Find:(%)25([a-fA-F0-9]{2,2})Replace with:
$1$2
- Finally, because the links were built in Windows and then URL-encoded, all of the Windows-style paths needed to be turned into POSIX paths for use on the web.
Find:%5[cC]
Replace with:
/
At this point, in an average PowerPoint, most of the damage has been fixed and things more or less work. However, the curriculum unit that we were working with also linked to external Word documents (hence some of the Windows-style path issues above). This meant I had a few more fixes along the way that are worthy of note:
- I replaced the links to Word documents with links to the corresponding PDF files (and script I used generated PDF files with .doc.pdf extensions and I didn’t bother to fix that).

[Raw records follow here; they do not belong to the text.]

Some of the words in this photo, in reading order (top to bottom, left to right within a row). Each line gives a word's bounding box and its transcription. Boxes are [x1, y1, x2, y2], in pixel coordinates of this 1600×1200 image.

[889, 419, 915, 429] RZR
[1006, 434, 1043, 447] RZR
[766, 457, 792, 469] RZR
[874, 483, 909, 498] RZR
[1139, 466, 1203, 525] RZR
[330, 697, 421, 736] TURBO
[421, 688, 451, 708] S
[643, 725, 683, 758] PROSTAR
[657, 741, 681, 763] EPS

Find:(href="[^"]*docx?)(")Replace with:
$1.pdf$2
- These links to external documents open in the same frame as the slideshow. Which defeats the purpose of the slideshow being a navigational tool. So I redirected all of the new PDF links to a new window in the browser. As the hyperlinks are broken across two lines in the HTML source code, this took two steps.

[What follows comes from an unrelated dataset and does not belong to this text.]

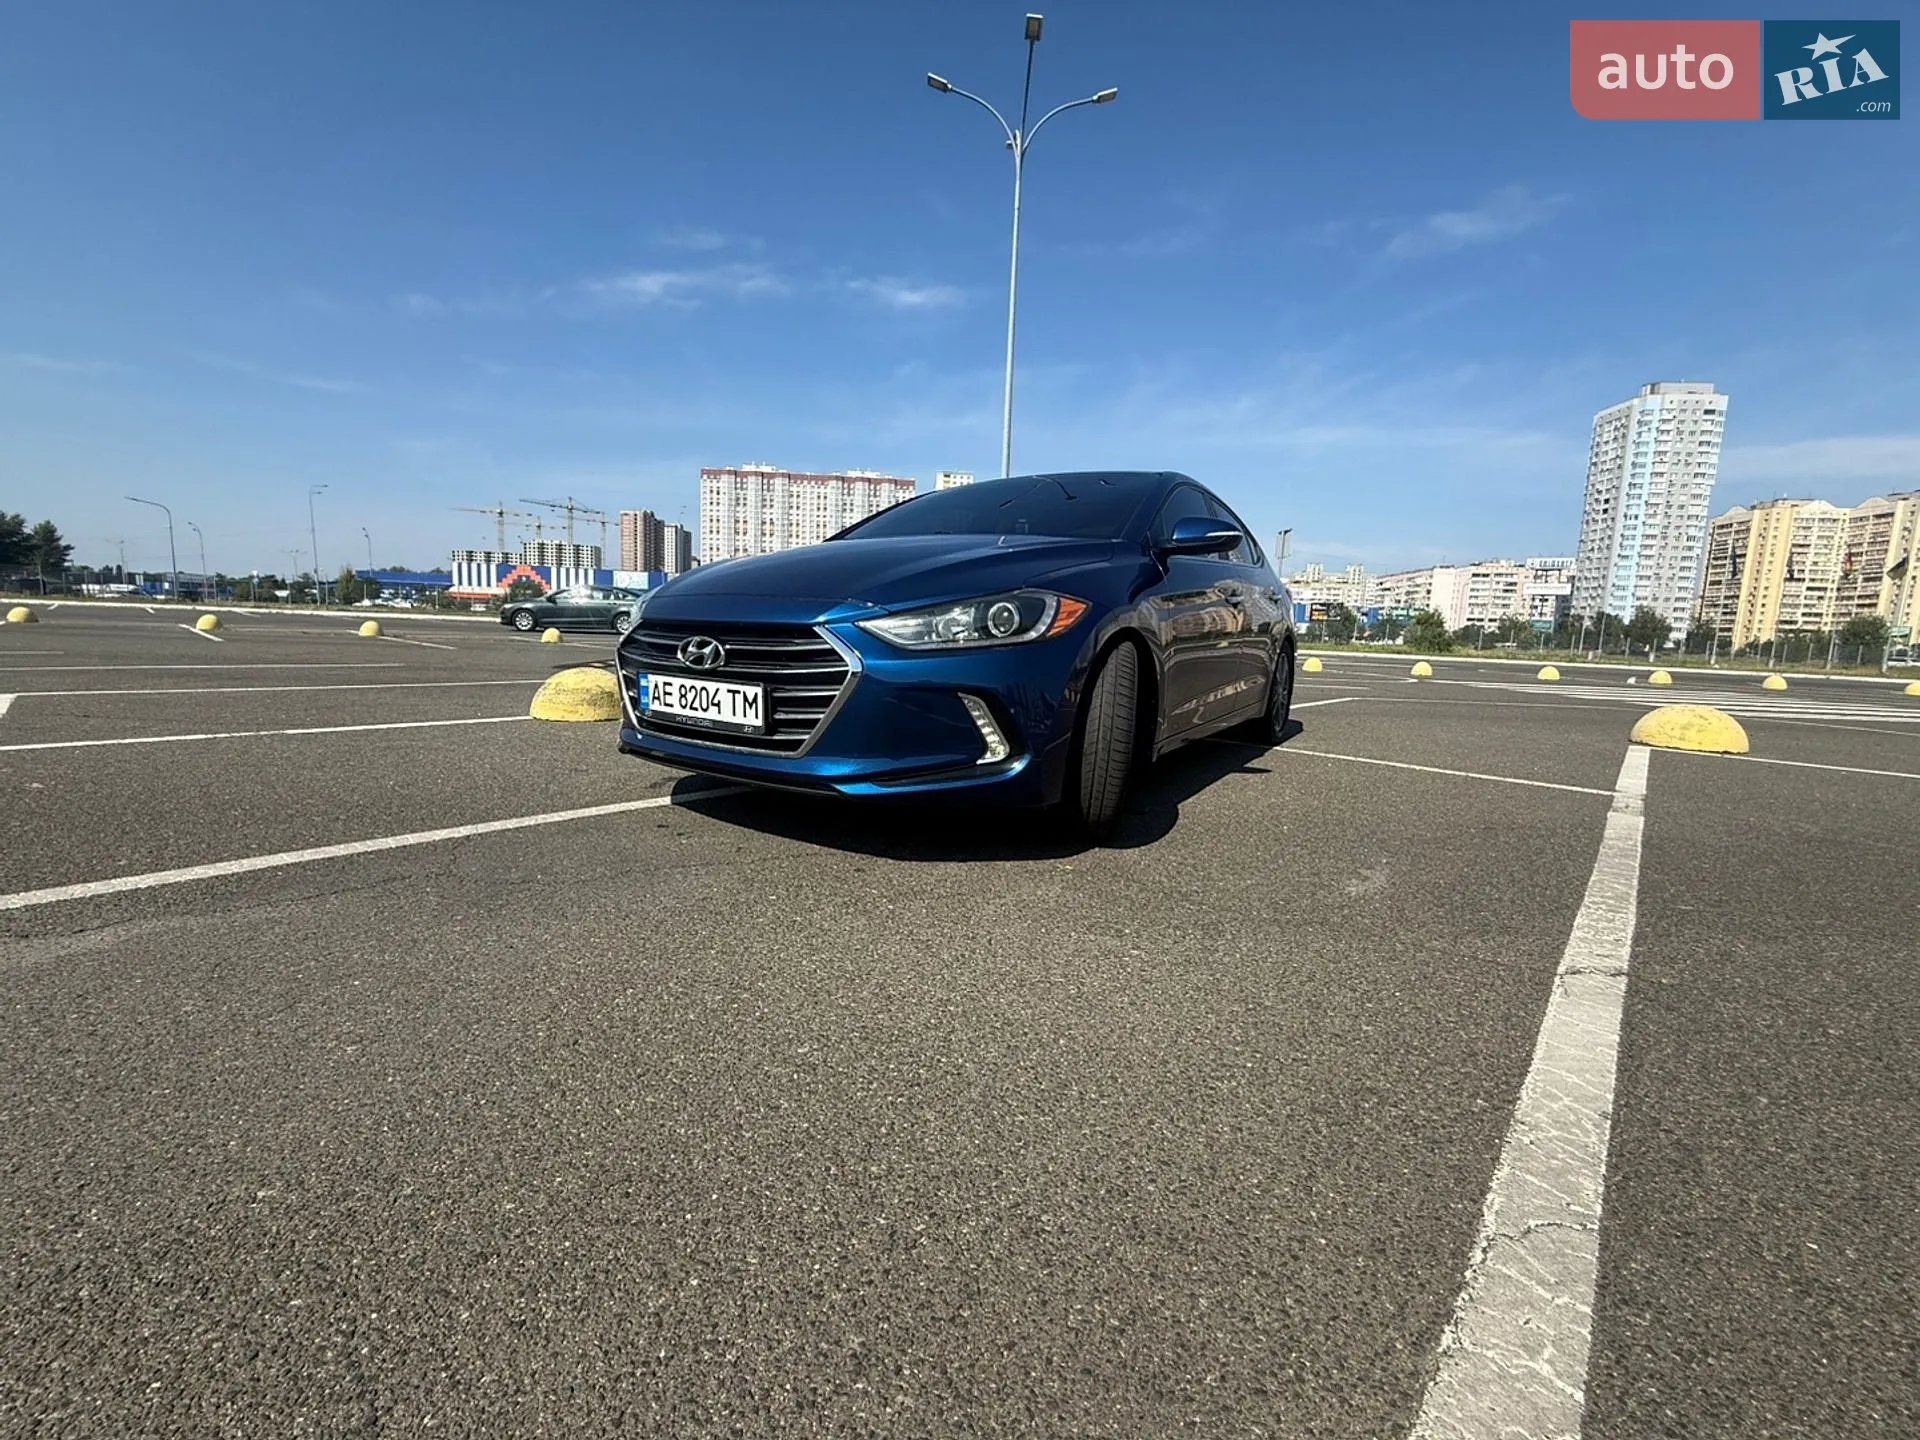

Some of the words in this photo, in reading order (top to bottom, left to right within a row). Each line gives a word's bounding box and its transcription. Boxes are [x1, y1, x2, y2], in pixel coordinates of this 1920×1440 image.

- Find (changing {{name of Links & Sources folder}} to the, well, actual name of the Links & Sources folder):
(href="((http://)|({{name of Links & Sources folder}}))[^"]*")\nReplace with:
$1
- Find (modifying as noted above):
(href="((http://)|({{name of Links & Sources folder}}))[^"]*"\starget=")_top(")Replace with:
$1_blank$5
- Find (changing {{name of Links & Sources folder}} to the, well, actual name of the Links & Sources folder):
Related posts
| Print article | This entry was posted by Seth Battis on September 24, 2009 at 11:18 AM, and is filed under Educational Technology, How To. Follow any responses to this post through RSS 2.0. You can leave a response or trackback from your own site. |


about 11 months ago
It seems there’s at least one more thing that’s broken in the PowerPoint 2008 “Save as Web Page…” export: hyperlinks that are more granular than a whole object are lost. For example, If you have, say, a bulleted list of items and each item is a separate hyperlink, those links are not exported. The quick fix that I worked out was to break each item of the bulleted list out into its own text box and hyperlinking the textbox itself (rather than just the text) before exporting to the web. Inelegant, but it works (and no, simply breaking apart the bulleted list into separate text boxes did not fix the problem: even with a single hyperlink per text box, the links were not exported below the object level).
about 9 months ago
As I have been converting more of these units, I have realized that it makes sense in #2 immediately above (forcing links to PDFs to open in new windows), when I am changing the target of the links to supporting documents, to change not just links to PDFs, but also to MP3s, AIFFs, MP4s, etc. My approach has been to instead do the following two steps (and I have also updated my tweak to use _blank, which is valid in the document object model for a web page, while _new is not (although almost always handled correctly anyway).
about 9 months ago
It really says something about how lousy PowerPoint is, both in general and as a “web development platform” that I’m still tweaking this dang post. Just fixed the regex for replacing links to Word documents with their PDF equivalents to take into account DOCX files, which have snuck into the most recent PowerPoints I’ve had to work with. Also, it seems like the update from two days ago should redirect not just links to presentations’ “Links & Sources” folders, but also links to other sites into a new window. Updated that regex too. Argh.
about 9 months ago
And now… I’ve just converted the whole shebang into an AppleScript (that depends on TextWrangler, since TextMate is less scriptable, although more usable — I should really just figure out how to write a TextMate bundle for this).